The carveout slots in alongside the GENIUS Act stablecoin framework, which is moving through enforcement, and the Digital Asset Market CLARITY Act, which is still grinding through the Senate. Issuers building toward dollar-pegged tokens on payment rails, including the eight chains recently lit up by Mastercard for card settlement, would compete for years without any Fed-issued digital dollar in the same lane.

Getting To The Deal

The Senate first attached the CBDC ban to the housing package in March, passing it 89-10. The House cleared its amended version 396-13 in May. The chambers spent the months since reconciling differences over institutional homebuyer limits, disaster-recovery block grants, and community banking provisions.

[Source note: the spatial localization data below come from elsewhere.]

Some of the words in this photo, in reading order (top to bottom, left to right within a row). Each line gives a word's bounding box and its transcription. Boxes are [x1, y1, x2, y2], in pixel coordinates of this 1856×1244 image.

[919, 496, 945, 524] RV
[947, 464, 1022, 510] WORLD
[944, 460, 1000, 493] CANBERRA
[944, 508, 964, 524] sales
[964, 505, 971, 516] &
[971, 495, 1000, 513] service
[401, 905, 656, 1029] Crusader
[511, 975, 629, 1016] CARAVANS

To seal the deal, the Senate accepted a three-year sunset for a disaster-recovery block grant program and adopted House measures including nine community banking bills and language limiting institutional homebuyers. Hill said in the Senate Banking statement that he looks forward to "President Trump signing it into law." Waters said the legislation includes more than 50 housing and banking provisions Democrats fought to secure.

The White House Posture

The anti-CBDC provision sits alongside an executive backdrop that already disfavors a digital dollar. Trump's January 2025 executive order on digital financial technology barred federal agencies from establishing, issuing, or promoting CBDCs except where required by law. The order cited threats to individual privacy and U.S. sovereignty as the rationale.

Treasury Secretary Scott Bessent has reiterated that a Fed digital dollar is off the table under the current administration. The statutory ban would harden that policy into law and outlast the current term.

What's Still In Play

Some House conservatives want a permanent prohibition rather than the 2030 sunset. The Hill reported that Rep. Anna Paulina Luna, a Florida Republican, argues "CBDCs are bad for everyone" and has pushed for the ban to be made permanent. Their leverage in the next round will depend on whether Senate leadership opens the text for further amendment.

The provision also revives parts of the Anti-CBDC Surveillance State Act, the standalone bill championed by House Majority Whip Tom Emmer that cleared the House in earlier sessions but stalled in the Senate. Folding the language into must-pass housing legislation is what gives the current path its durability.

If the package passes in its current form, the U.S. would impose a time-limited statutory bar on a Fed-issued retail digital dollar, and Congress would retain authority to extend, harden, or let lapse the ban before December 31, 2030. The updated text now heads back to the Senate floor.